**Supplied records:**

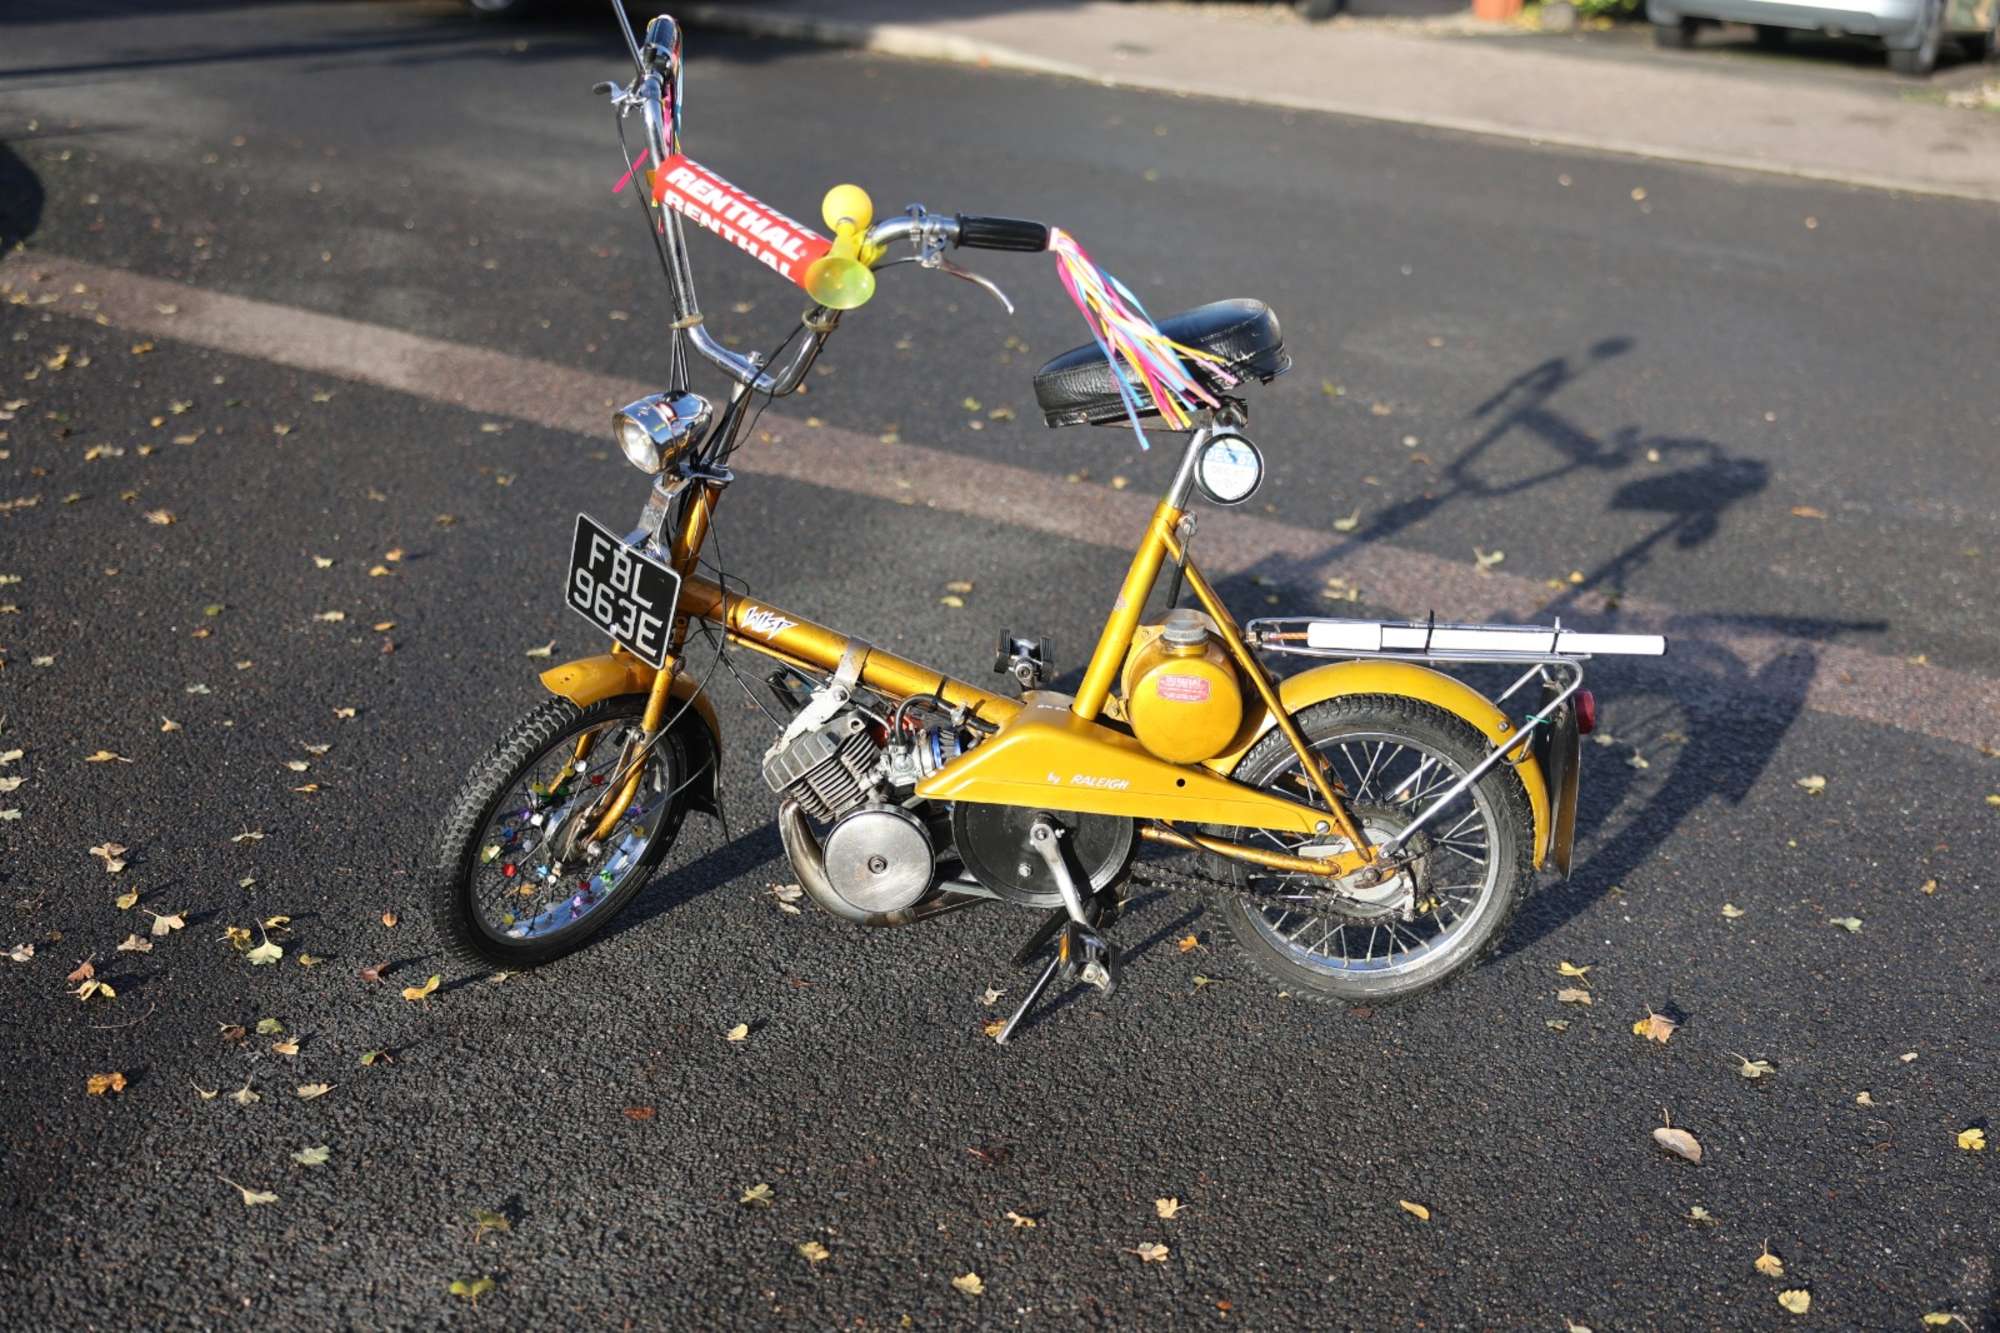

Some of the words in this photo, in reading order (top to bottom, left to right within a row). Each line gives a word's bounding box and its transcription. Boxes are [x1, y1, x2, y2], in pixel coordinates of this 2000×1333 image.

[664, 190, 796, 283] RENTHAL
[665, 167, 801, 261] RENTHAL
[573, 567, 663, 657] 963E
[588, 533, 653, 610] FBL
[1070, 774, 1130, 790] RALEIGH
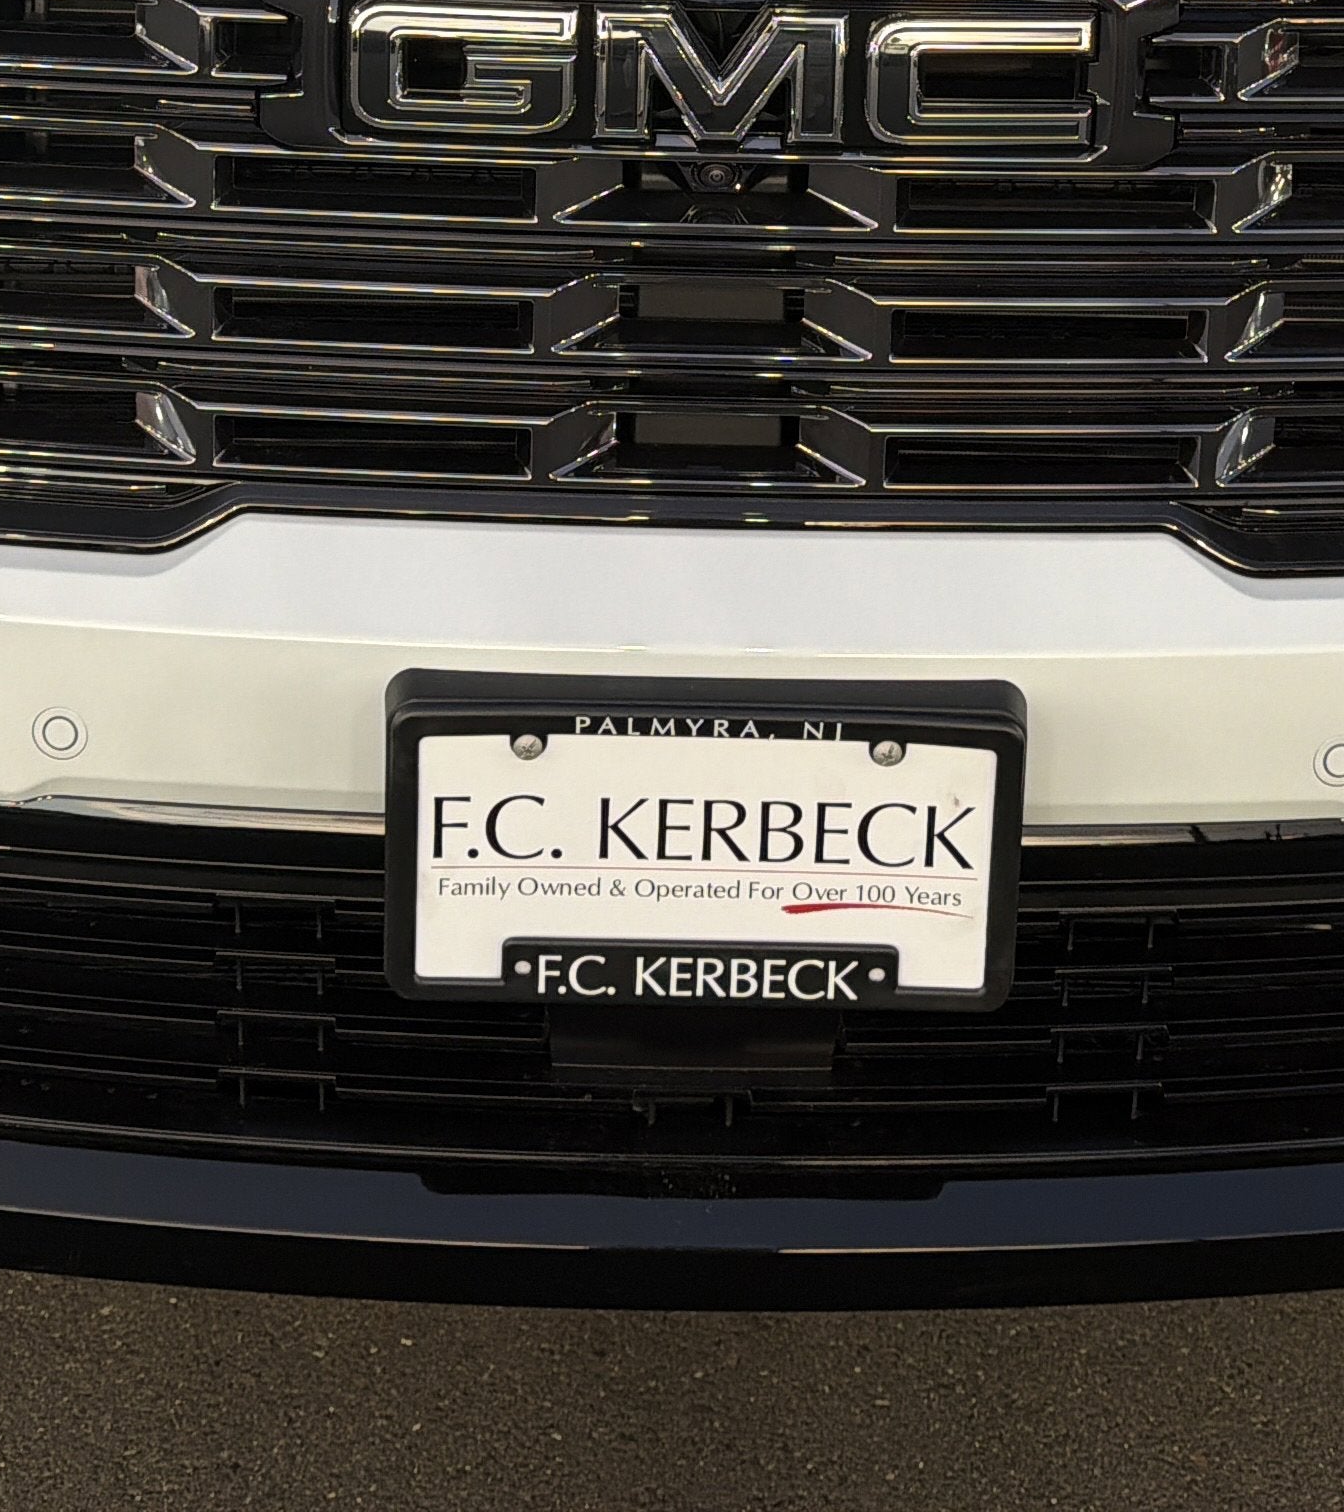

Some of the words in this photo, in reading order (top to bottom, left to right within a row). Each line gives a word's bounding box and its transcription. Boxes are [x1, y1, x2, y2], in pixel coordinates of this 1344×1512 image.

**Your objective:**
What you return must match the records above exactly, minus any images.

**Output:**
Some of the words in this photo, in reading order (top to bottom, left to right within a row). Each line gives a word's bounding box and its transcription. Boxes are [x1, y1, x2, y2], in pixel coordinates of this 2000×1333 image.

[664, 190, 796, 283] RENTHAL
[665, 167, 801, 261] RENTHAL
[573, 567, 663, 657] 963E
[588, 533, 653, 610] FBL
[1070, 774, 1130, 790] RALEIGH

Some of the words in this photo, in reading order (top to bottom, left to right within a row). Each line gives a word's bounding box and its transcription. Boxes are [x1, y1, x2, y2], in pixel coordinates of this 1344×1512 image.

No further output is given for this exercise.